THE Scottish novelist Alan Bissett describes himself as not so much being an ardent Rangers fan, as “having a Rangers past”.
It’s a nice phrase which embraces many Rangers supporters, like me, who grew up supporting the club before becoming alienated by the overt and outdated Unionism, and embarrassed by some of the mindless sectarianism. And yet the “Rangers past” never really lets you go. Rangers remain my club, particularly in these times of strife.
Like most Rangers supporters, I expect the Charles Green takeover of Rangers ultimately to fail. I fully expect him to sell the assets recently purchased to the consortium now headed by Walter Smith and backed by Scottish businessmen like Jim McColl and Douglas Park.
Why so sure? Because Green is already the ‘newco’ Rangers’ greatest liability. Green, fresh from his acquisition of the assets of the now liquidated Rangers, may want to rally the troops and get to work, but leaders need followers and Green has very few. He probably thinks he holds all the cards – and in a legal sense he does. His Servco company purchased the stadium, training ground and other assets for £5.5 million and he therefore controls what now happens. If he doesn’t want to sell, he can simply carry on.

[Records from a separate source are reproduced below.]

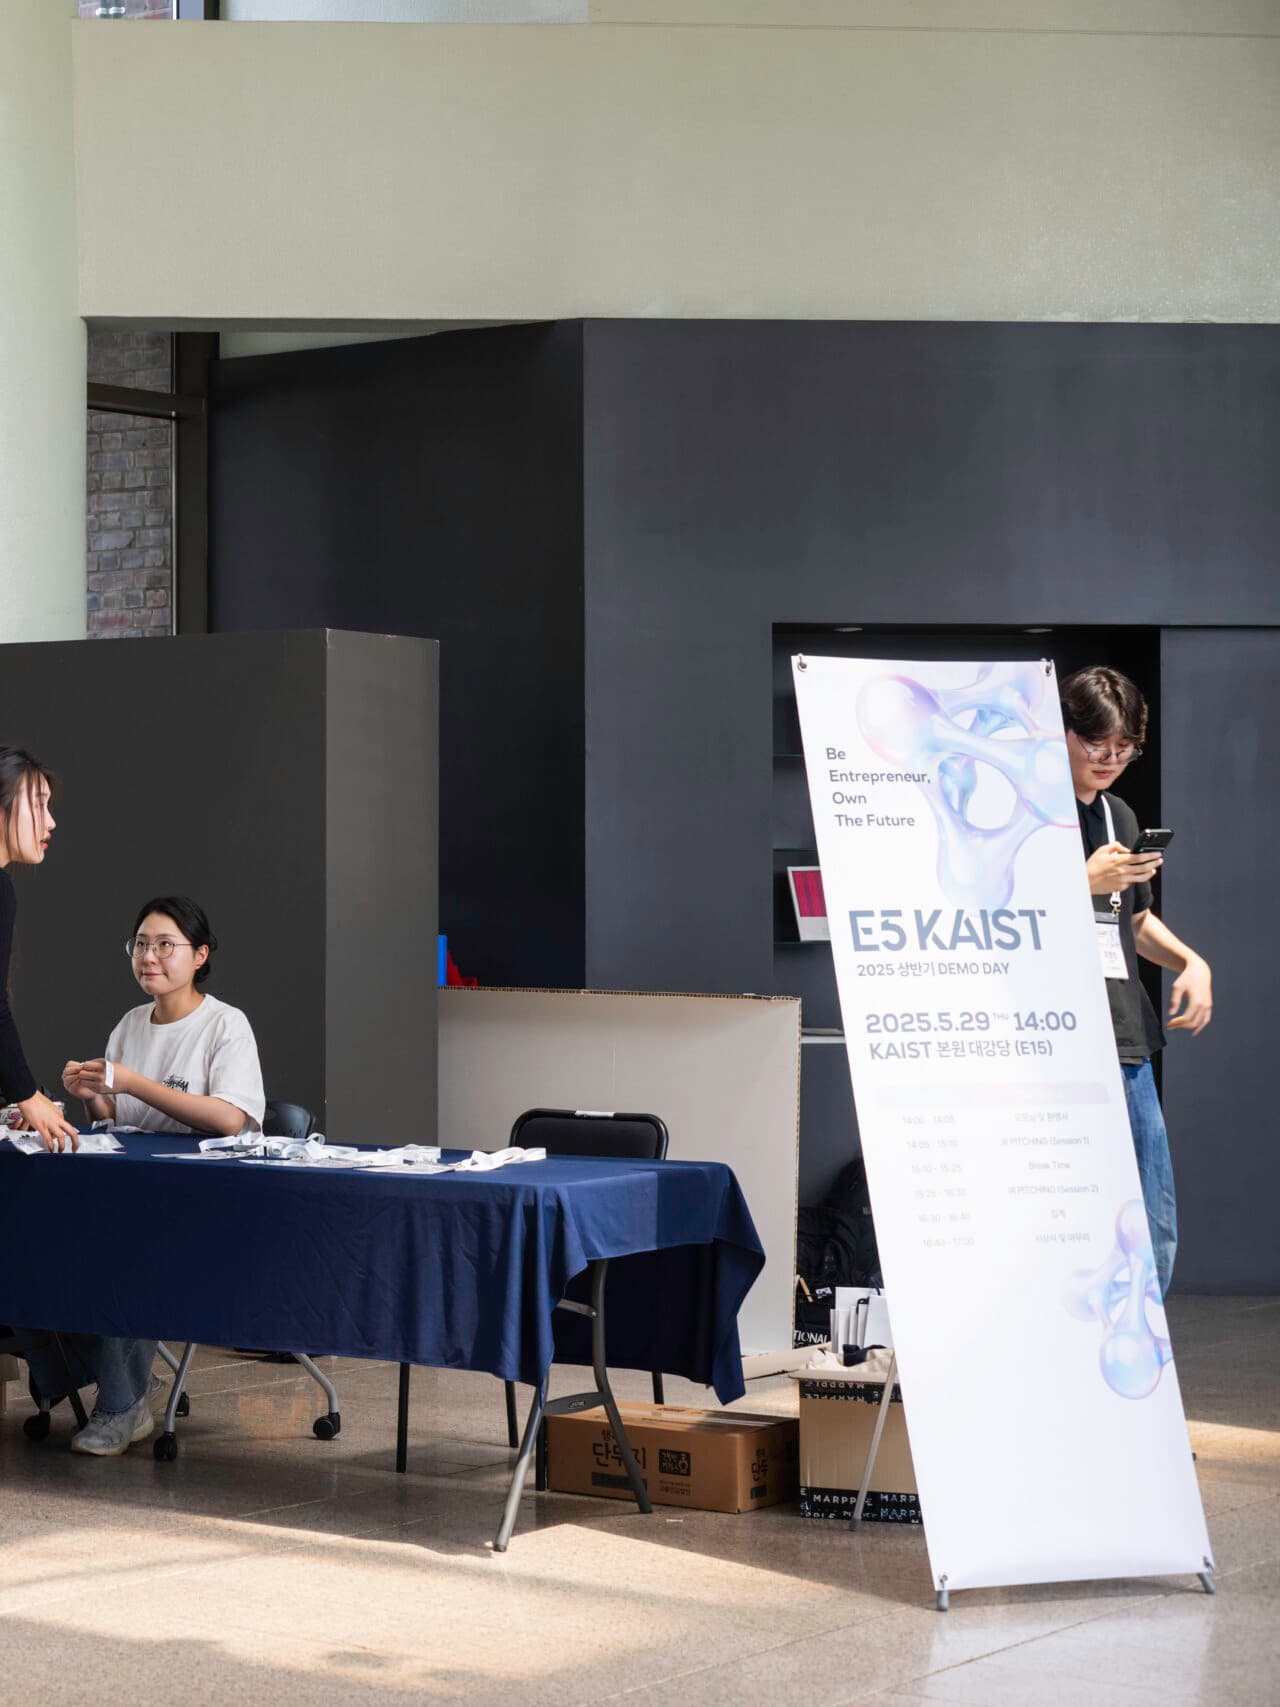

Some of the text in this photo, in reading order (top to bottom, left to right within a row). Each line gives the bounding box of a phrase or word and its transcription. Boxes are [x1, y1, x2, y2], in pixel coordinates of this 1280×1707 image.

[826, 747, 846, 760] Be
[829, 769, 931, 785] Entrepreneur,
[832, 792, 867, 804] Own
[834, 814, 915, 827] The Future
[848, 908, 1047, 952] E5 KAIST
[857, 962, 1010, 977] 2025 상반기 DEMO DAY
[866, 1011, 991, 1034] 2025.5.29
[1013, 1010, 1077, 1031] 14:00
[869, 1039, 1053, 1060] KAIST 본원 대강당 (E15)
[813, 1493, 873, 1507] MARPPE

But with what? Most Rangers fans won’t buy season tickets. Without that cash, there is no working capital. The Rangers Supporters Trust has called for a boycott. No ticket sales, an empty stadium, an angry fan base already calling for his removal – this is the stuff of nightmares for any new consortium. Given that some of the new owners were revealed by Charles Green as having “never been to Scotland”, how many genuinely have the appetite for a prolonged fans’ revolt which risks their investment? In short, in his hands, the ‘newco’ Rangers may never be worth more than it is today. Green should take the £6 million and depart.
But beyond the immediate power struggle at Rangers, two wider thoughts keep recurring. The first is my surprise at the degree to which people like me still care. My “Rangers past” remains emphatically alive and kicking. But why? Further investigation uncovers a body of anthropological academic material devoted to the role of football in the development of individual identity, and indeed wider society. When we defend “our” clubs, we are apparently defending ourselves. That’s why watching a once proud Scottish institution being pulled apart by American truck magnates and random global investors has jarred with so many in an unexpectedly personal way.
For most football fans, allegiance is about family, history and identity, rather than 22 men booting a ball around a pitch. That badge of identity, it seems, never leaves us. The anger and frustration of many fans in the last few days is therefore about protecting an emotional investment, often made many decades ago. In a global age, that sense of an intensely local identity might seem odd, but it remains very real. Hence, while any owner will face the same horrific problems – a three-year European ban, difficulties getting into the SPL and imminent heavy SFA sanctions – only someone as trusted as former manager Walter Smith can reach out to what he described as the Rangers “family” without that sounding patronising or out of place.
Secondly, and despite my allegiance, I struggle hugely with the concept that Rangers can simply fold, reinvent, and start again in the SPL. The footballing reasons to oppose that revival are well-rehearsed; to do so shatters the integrity of the game and betrays a sense of fair play.
Yet, SPL chairmen around the country are facing a genuinely difficult choice – restore Rangers to the SPL for the sake of TV revenues and gate receipts, and risk the ire of their fans, disgusted by Rangers being granted special exemption simply because of their size and influence; or lose out on said valuable revenues.
But this goes much deeper than football. This touches on a trend most notoriously exemplified by RBS – one in which the catastrophic failures and mistakes of a massive company must be forgiven simply because of their economic power. It is a morally insupportable proposition and one which subverts fairness and justice to the economic necessity of the age. It cannot stand as a principle in sport, nor in society more generally.
There is a price to be paid and Rangers should not shirk from it. Men like former manager Bill Struth insisted on integrity. That’s the key word for reviving this fallen giant. The club is out of Europe for three years and awaits SFA sanction. Rangers need to take their medicine and start again. If that means Division Three, so be it.
One of the great debates in Scottish football is about redistributing what wealth exists between the divisions. Maybe Rangers’ penance is to put something back into the game they have damaged, by boosting revenues in the lower leagues. Doesn’t that sit more easily as a just and fair result for all?